Posted on 05/25/2002 11:28:01 AM PDT by grundle

At any given time, the temperature is either going up, or it's going down. It never stays the same.

30 years ago, all of the major environmentalists and environmental groups were 100% sure that global cooling was on the way. They were just so sure that it was coming. Their proposed "solution" was to have the government set limits on economic growth, limits on the use of natural resources and fossil fuels, and other government restrictions on economic activity.

We ignored their advice. Since then, the world GNP has more than doubled, and we burn a lot more fossil fuels today than we did 30 years ago. But the global cooling never came.

Now they are worried about global warming. But their proposed "solution" is the same. They want the same kinds of government controls now that they wanted 30 years ago.
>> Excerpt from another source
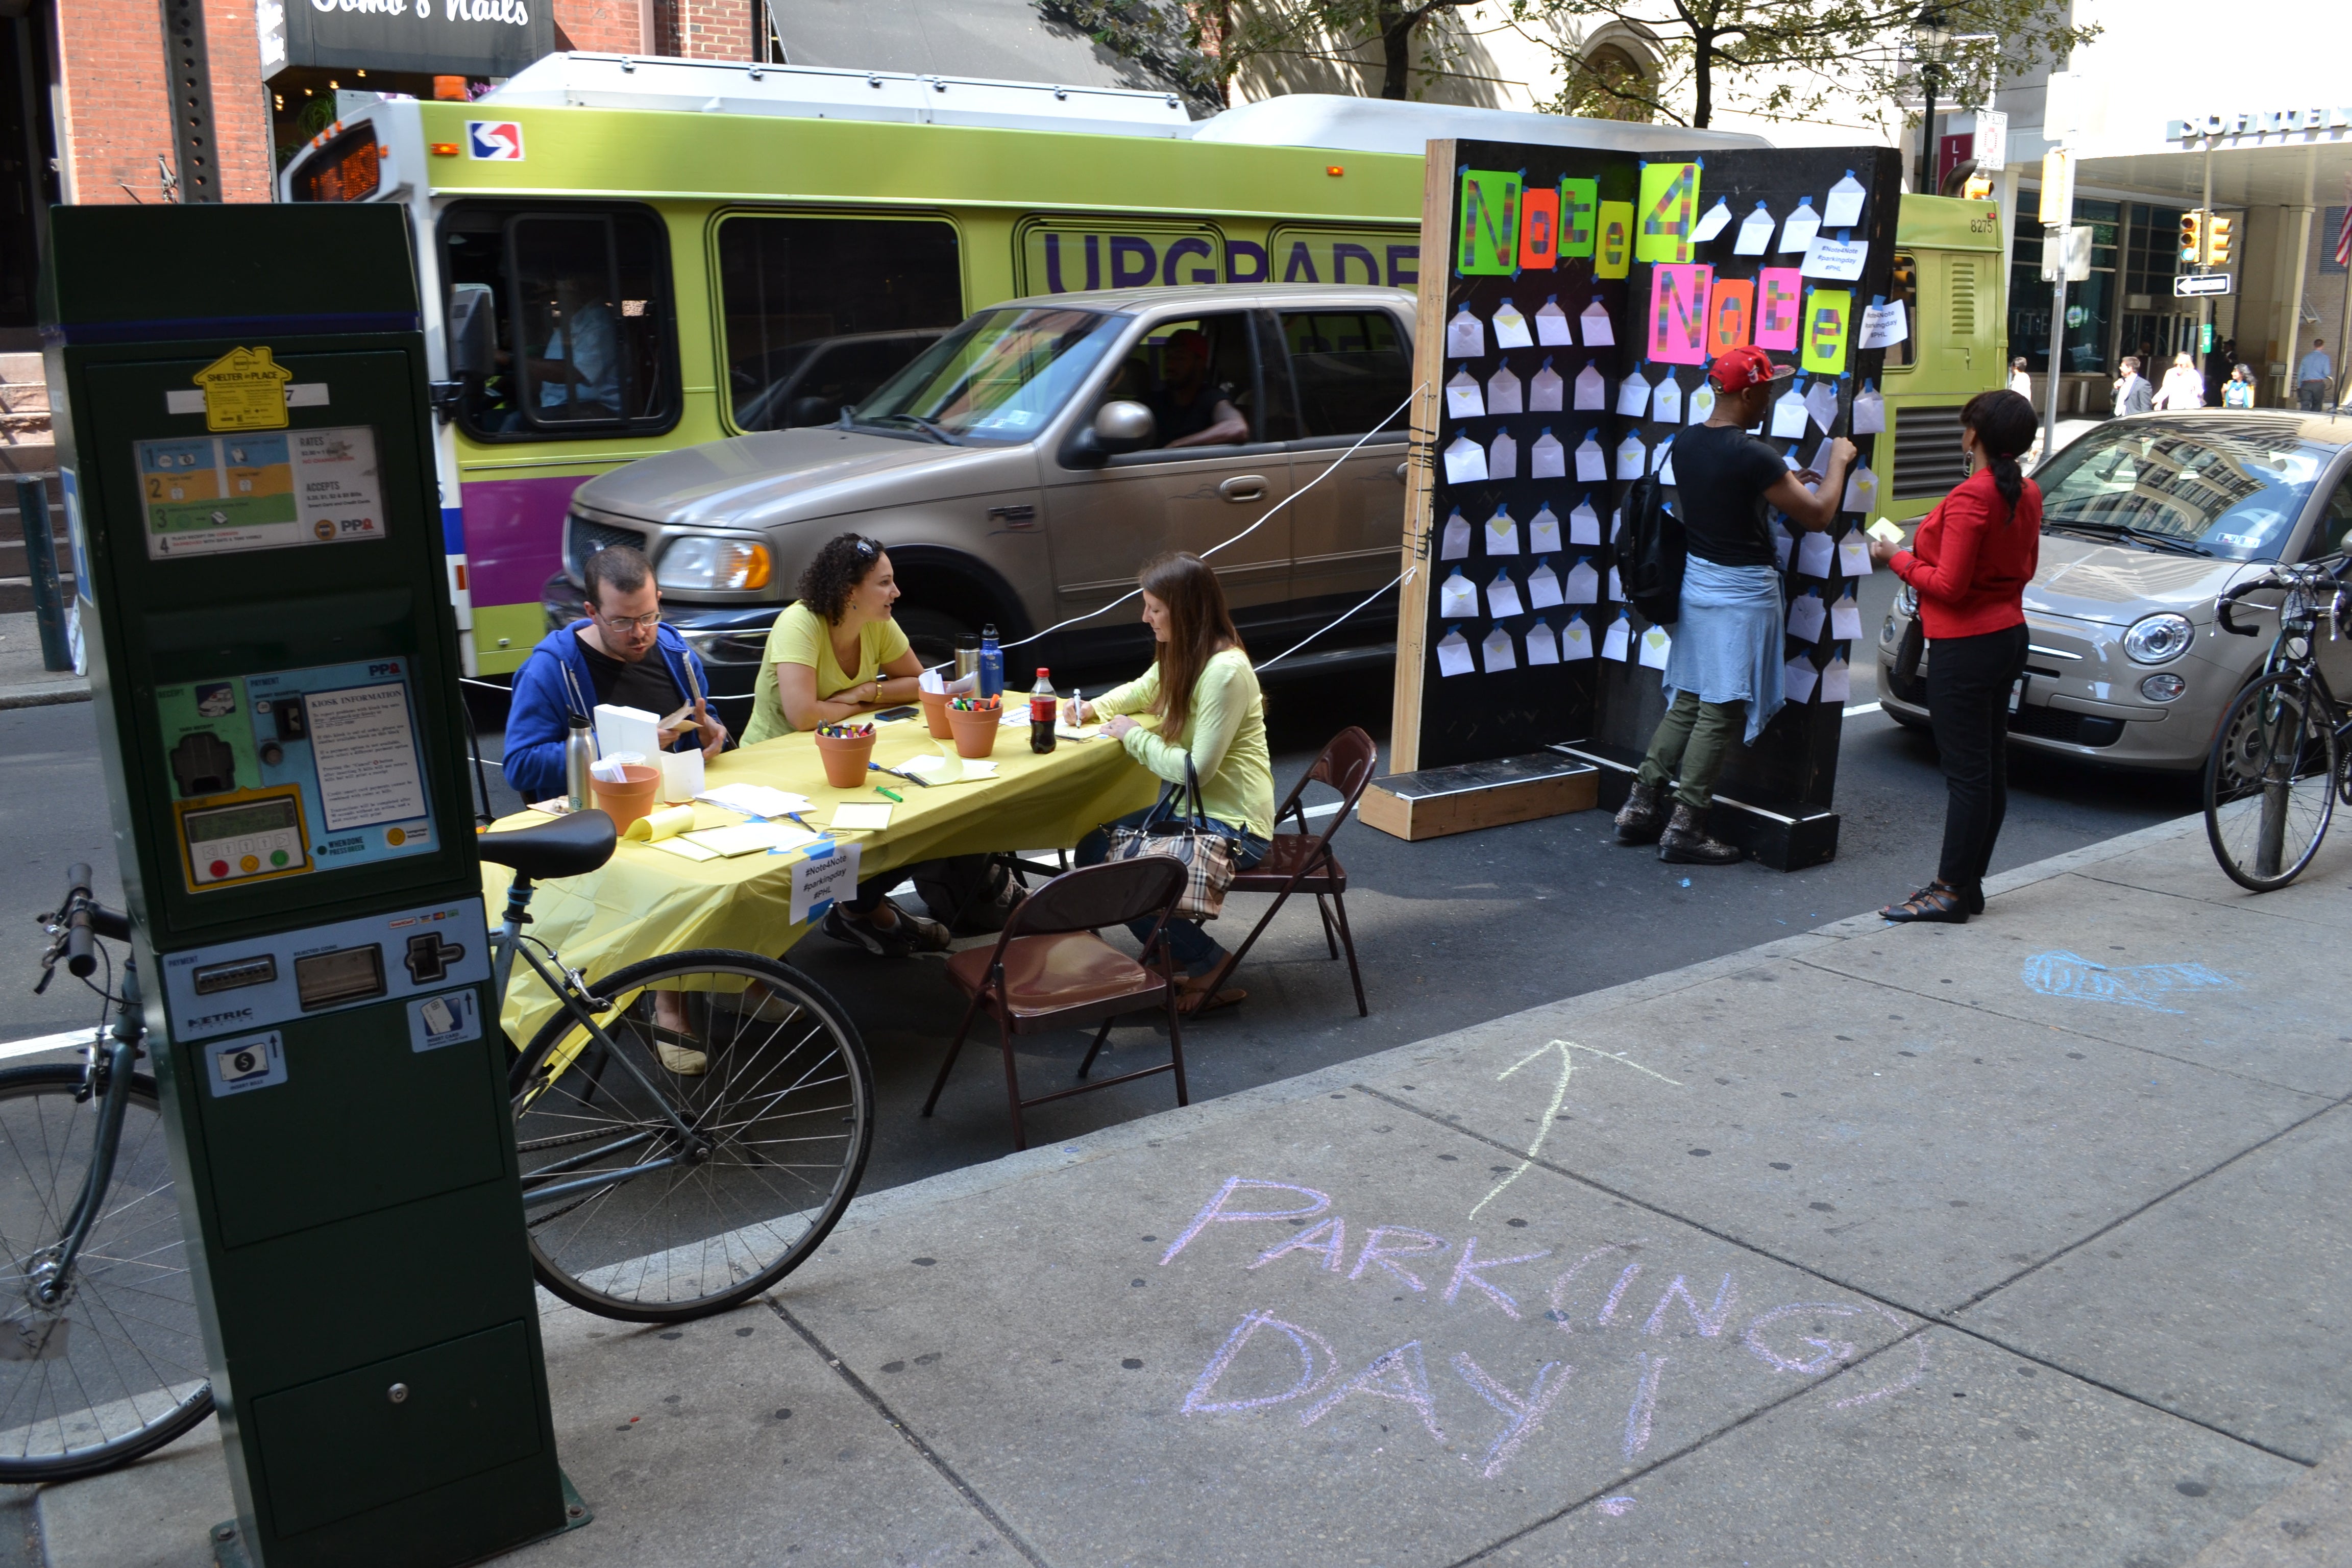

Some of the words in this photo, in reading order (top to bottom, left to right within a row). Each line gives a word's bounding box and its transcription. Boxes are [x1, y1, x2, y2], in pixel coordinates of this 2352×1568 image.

Since the temperature is always either going up or going down, the radical doomsayer environmentalists will always either be scared about global warming, or scared about global cooling. They will always be scared about one of the two. And they will always use this as an excuse to try to have the government impose more and more restrictions and controls on people's lives.

In the real world, economic growth and capitalism have actually been very good for the environment. The richer a country is, the better its environment is. And in the real world, the countries in Eastern Europe, which adopted the massive government controls on the ecomomy that the radical left is so fond of, became the worst polluted area that the world has ever had.
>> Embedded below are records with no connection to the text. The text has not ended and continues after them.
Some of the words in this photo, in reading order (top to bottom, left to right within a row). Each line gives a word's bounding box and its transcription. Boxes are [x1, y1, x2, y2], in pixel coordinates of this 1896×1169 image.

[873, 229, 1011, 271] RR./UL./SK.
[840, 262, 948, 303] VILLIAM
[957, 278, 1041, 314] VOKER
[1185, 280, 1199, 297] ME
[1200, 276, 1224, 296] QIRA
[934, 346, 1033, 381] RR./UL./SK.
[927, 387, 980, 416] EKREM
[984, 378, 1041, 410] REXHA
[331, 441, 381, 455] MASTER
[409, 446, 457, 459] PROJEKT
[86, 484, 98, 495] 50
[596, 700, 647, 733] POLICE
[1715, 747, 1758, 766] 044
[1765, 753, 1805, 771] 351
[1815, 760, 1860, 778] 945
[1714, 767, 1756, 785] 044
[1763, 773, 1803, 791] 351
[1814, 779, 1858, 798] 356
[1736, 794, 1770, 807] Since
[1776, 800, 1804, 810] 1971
Studies of tree rings in fossils of very old trees show a very strong correlation between increased sunspot activity, and global warming. Global warming is caused by the sun. The doomsayers have been pretty silent about this.

Right now, Mars is experiencing global warming. The doomsayers haven't really offered much comment on this, either.

For a lot of the radical environemntal doomsayers, the real goal has nothing to do with the environment. Instead, the real goal is to have as much government control of the economy and people's lives as possible. The doomsayers hate capitalism. They hate private property rights. They hate economic freedom. They hate economic growth.

The people who supported communism and socialism in the past, are the very same people who have embraced the ideas of the radical environemntal doomsayers today. In both caes, the real goal is to have the government do more and more to control people's lives.

A rich, prosperous society is always much better able to deal with environemtnal catastrophe than a poor, third world country. In the news, we often read about floods, tornadoes, earthquakes, hurriacanes, etc., in third world countries, and thousands of people get killed. That's because poor societies can't really deal well with these kinds of things. But when that kind of weather happens in the U.S., the death toll is always much smaller. That's because a rich society can better handle these things.

If sea levels are going to rise along U.S. coasts, it will happen very gradually over many decades, and there will be plenty of time for us to deal with it. And even then, it will be only by a few meters, at most. The scenarios in the movie "A.I." where skycrapers were covered in water is not going to happen.

According to computer models, the Kyoto Treaty won't stop global warming. Without the Kyoto Treaty, the temperature is predicted to rise 2.1 degrees Celcius over the next 100 years. But with the Kyoto Treraty, that same amount of warming will happen over 106 years instead of 100. So the Kyoto Treat gives no real benefit.

But the cost of the Kyoto Treaty would be enormous. And since a richer society is better able to deal with environmental problems, the Kyoto Treaty would ultimately make the environment worse off.

It's precisely because we IGNORED the adivce of the doomsayers 30 years ago that things got better. A rich, growing, prosperous capitalist economy made it easier and easier to protect the environment. The doomsayers predicted that before the year 2000, most people in the world would die of starvation, the pollution would be so bad that everyone would have to wear a gas mask, and there would be no oil, copper, gold, or aluminum left. Their "solution" was to have the government set limits on economic growth, and limits on the use of natural resources. We ignored their advice. The world GNP got bigger, and we increased our use of natural resources. But it's precisely because of economic growth that we could afford to invent and use technology to make things better. Obesity rates keep going up. The air and water have gotten cleaner in all the rich countries. Known reserves of oil and other natural resources is bigger now than 30 years ago.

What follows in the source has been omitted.